Les psychologues expliquent ce paradoxe par la théorie de l’attachement. Nous projetons sur nos proches une confiance absolue, les percevant comme une « base de sécurité ». Cette sécurité émotionnelle, pourtant essentielle, a un revers : elle nous désinhibe. Convaincu·e d’être accepté·e malgré nos éclats, nous baissons la garde et laissons nos émotions s’exprimer sans filtre. Ce phénomène, observé depuis les années 1980, est accentué par ce que la recherche appelle le spillover émotionnel : le débordement du stress vécu ailleurs (au travail, dans la rue, dans les transports) vers le cercle intime.
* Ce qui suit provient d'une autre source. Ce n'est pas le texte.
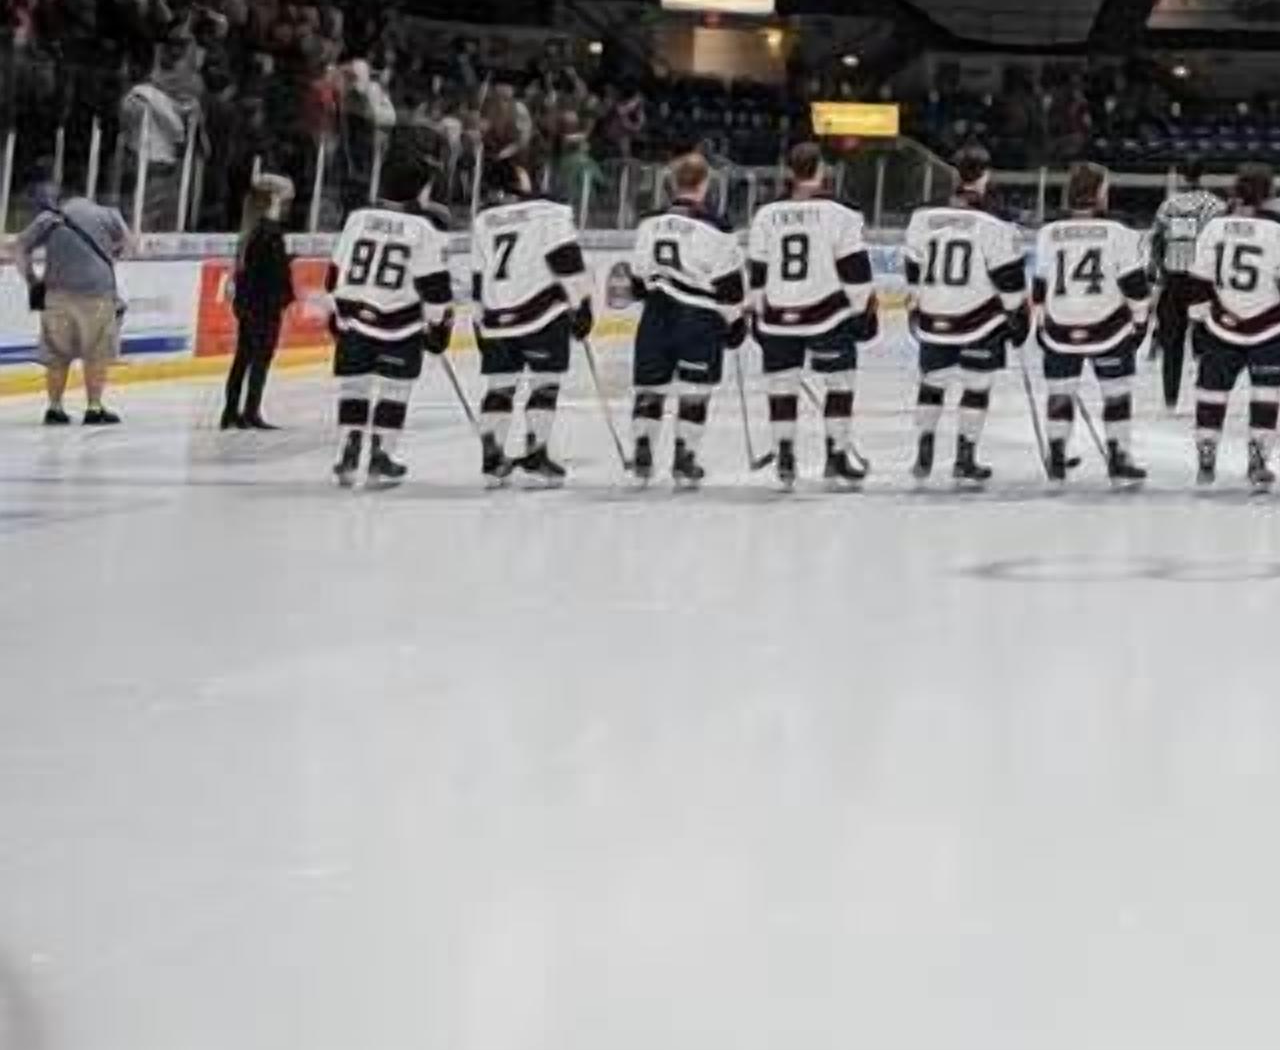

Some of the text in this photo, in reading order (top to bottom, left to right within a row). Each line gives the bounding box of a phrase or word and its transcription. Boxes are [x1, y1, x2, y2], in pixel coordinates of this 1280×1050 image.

[494, 232, 518, 280] 7
[781, 233, 809, 281] 8
[924, 239, 972, 286] 10
[1053, 248, 1104, 295] 14
[1213, 241, 1265, 291] 15
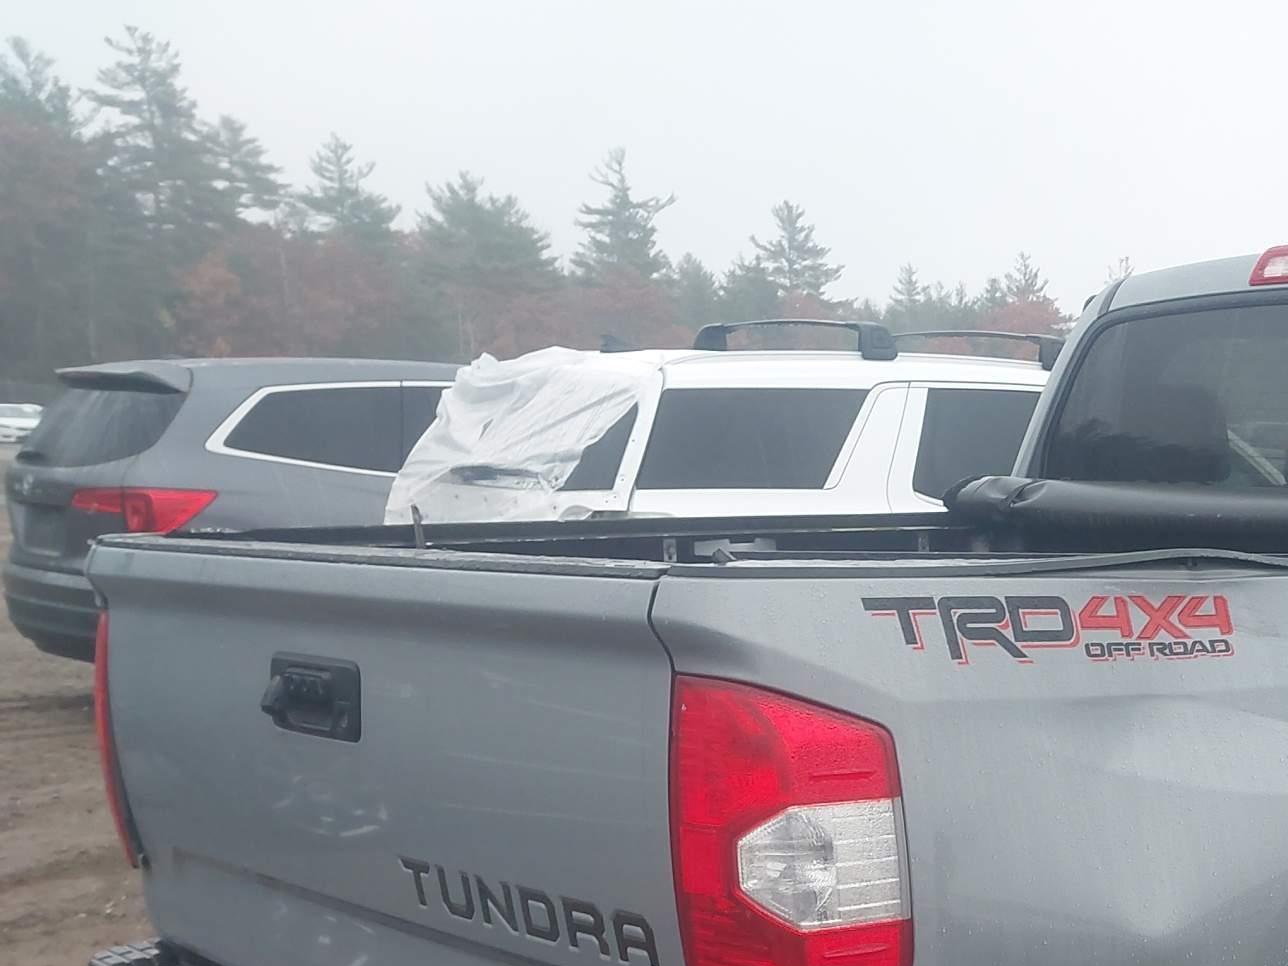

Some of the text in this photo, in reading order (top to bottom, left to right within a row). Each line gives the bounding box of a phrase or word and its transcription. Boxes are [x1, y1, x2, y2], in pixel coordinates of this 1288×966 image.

[861, 595, 1080, 664] TRD
[1084, 638, 1235, 661] OFF ROAD
Nous finissons par faire subir à nos proches la colère ou la fatigue accumulée tout au long de la journée.
Chez Barbie et Ken, les disputes répétitives n’étaient pas tant le signe d’un manque d’amour que la trace de ce débordement. Chacun trouvait en l’autre un exutoire, une zone de décompression émotionnelle. La familiarité, elle aussi, joue un rôle. Plus on se connaît, plus on suppose que l’autre comprendra nos maladresses. Alors, on se permet des mots qu’on n’oserait jamais dire à un·e collègue ou à un·e ami·e distant·e. L’amour rend vulnérable, mais aussi exigeant. Il crée une attente implicite : celle d’être compris·e sans explication. Et c’est précisément là que naissent les malentendus.
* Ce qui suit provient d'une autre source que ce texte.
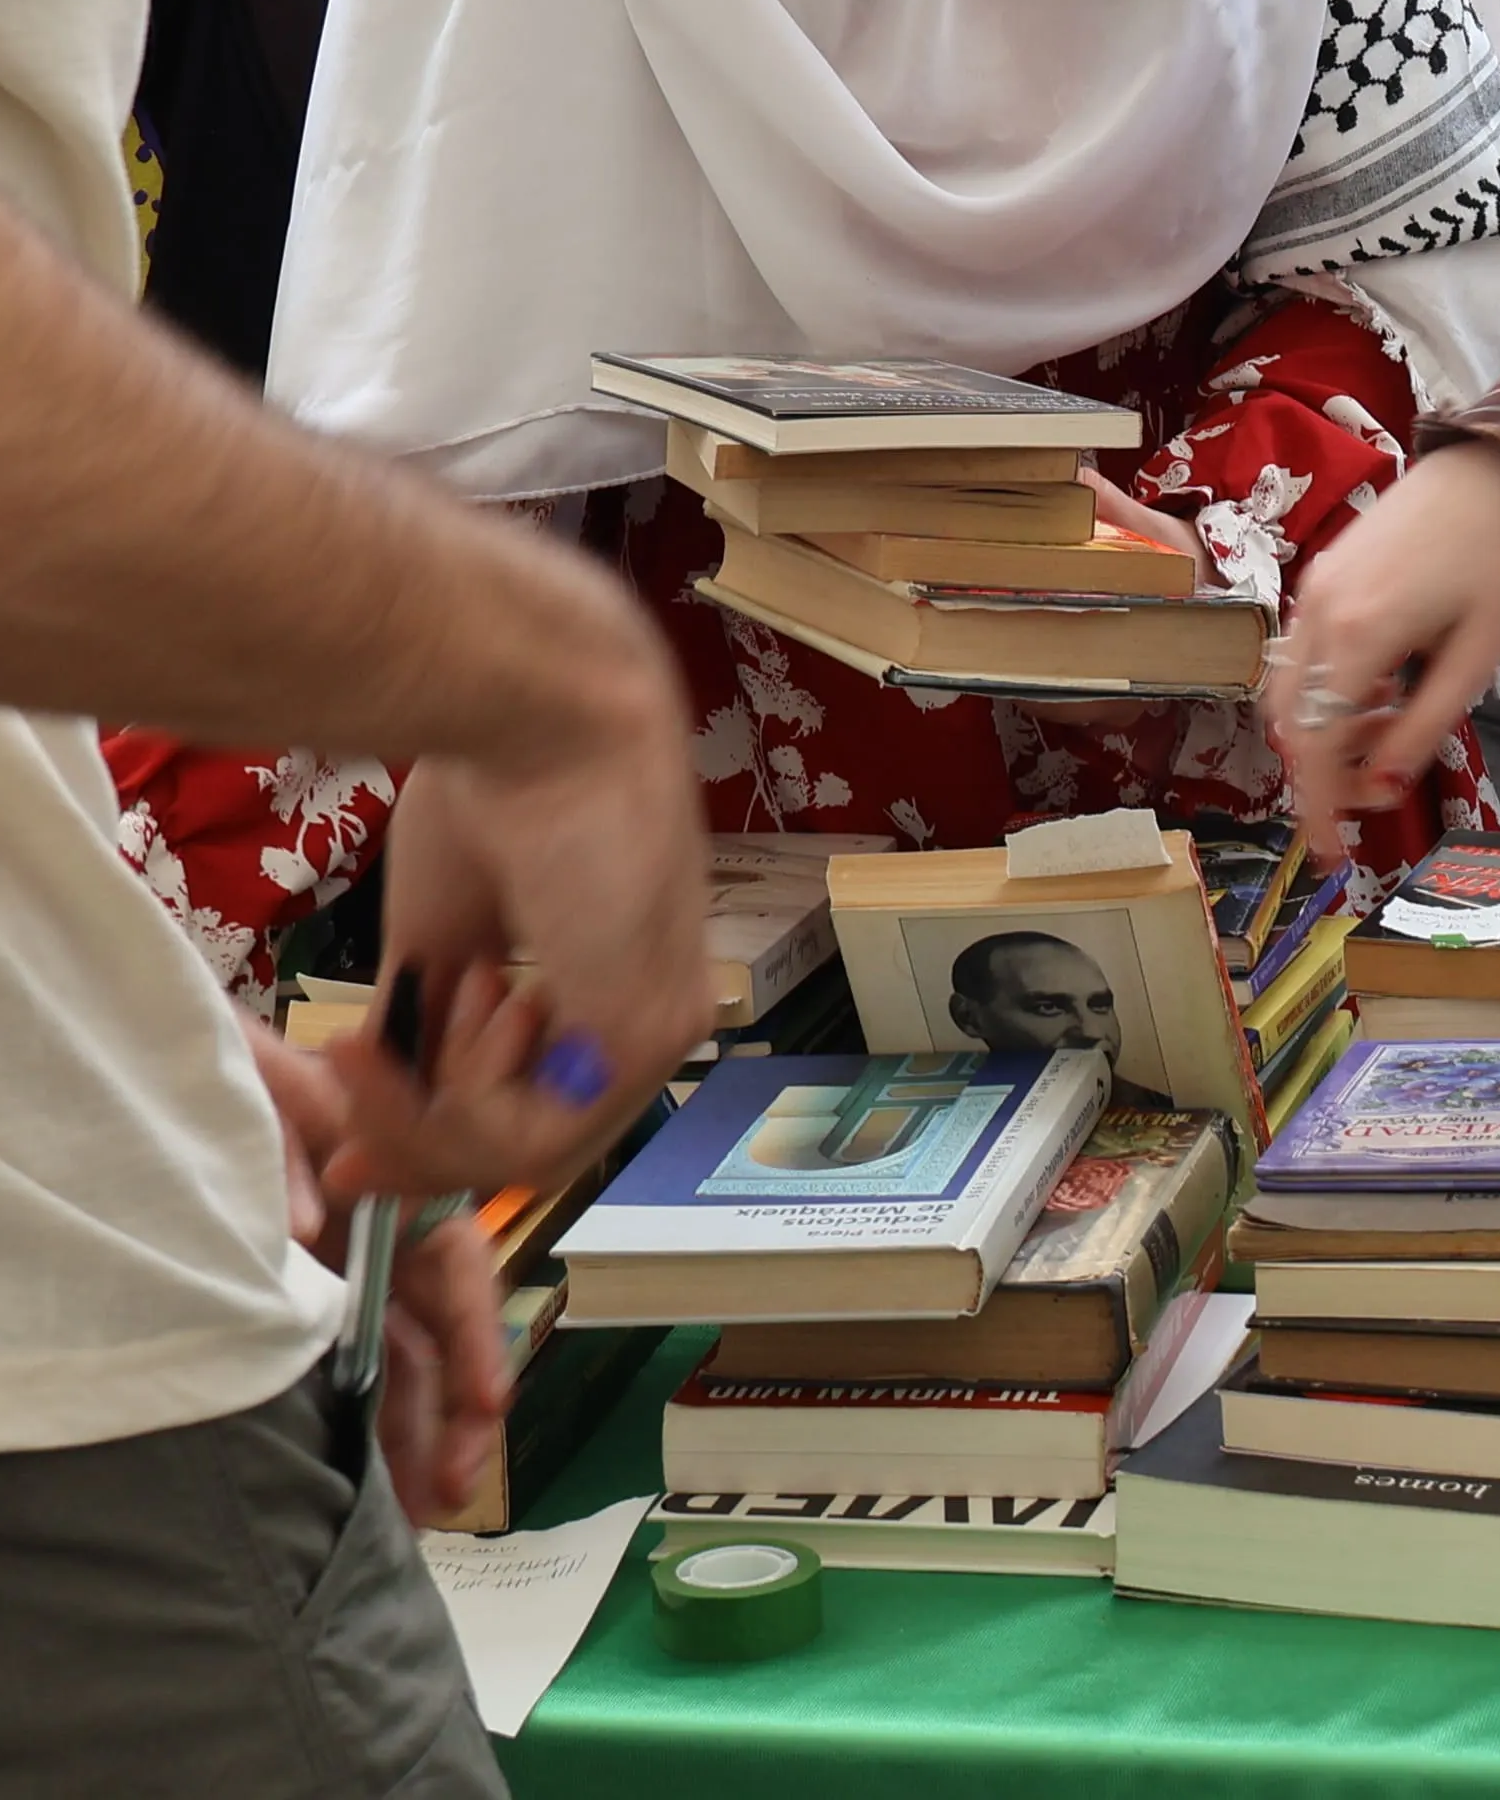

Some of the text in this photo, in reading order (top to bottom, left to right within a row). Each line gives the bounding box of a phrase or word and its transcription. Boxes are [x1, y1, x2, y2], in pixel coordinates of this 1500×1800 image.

Pourtant, comprendre ces mécanismes n’a de sens que si l’on apprend à les réguler. Le premier pas consiste à reconnaître cette tendance sans la culpabiliser. La psychologie contemporaine insiste sur la régulation émotionnelle : nommer ce que l’on ressent, différer la réaction, prendre le temps de respirer avant de répondre. La communication non violente ou la thérapie de couple reposent sur cette idée : faire de la conscience émotionnelle un outil de respect mutuel. Il ne s’agit pas de supprimer la colère, mais d’en apprivoiser l’expression. Comme le dit si justement Brené Brown : « La vulnérabilité est le berceau de l’amour, de l’appartenance, de la joie, du courage, de l’empathie et de la connexion ». Cette phrase me rappelle que l’amour véritable ne se mesure pas à la perfection de nos comportements, mais à notre capacité à reconnaître nos failles et à les transformer en dialogue.
Je crois profondément que nous ne blessons pas nos proches par méchanceté, mais par excès de confiance. Parce que nous les savons là, malgré tout. Mais aimer ne suffit pas : aimer, c’est aussi apprendre à se maîtriser, à choisir le mot juste, le silence utile, l’attention sincère. Si Barbie et Ken ont commencé à désamorcer leurs disputes, c’est en décidant d’écouter avant de réagir. J’y vois une leçon simple et universelle : la sécurité émotionnelle n’est pas un permis pour blesser, mais une invitation à mieux aimer.
Alors peut-être que la prochaine fois que la colère monte, nous pourrions simplement nous rappeler que la tendresse est une force, pas une faiblesse. Aimer, c’est prendre soin – même dans nos moments d’imperfection.
Références principales :
- Bowlby, Références principales :J. (1988). A Secure Base : Parent-Child Attachment and Healthy Human Development.
- Gottman, J. & Silver, N. (1999). The Seven Principles for Making Marriage Work.
- Brown, B. (2012). Daring Greatly : How the Courage to Be Vulnerable Transforms the Way We Live.
- Mikulincer, M. & Shaver, P. (2016). Attachment in Adulthood : Structure, Dynamics, and Change.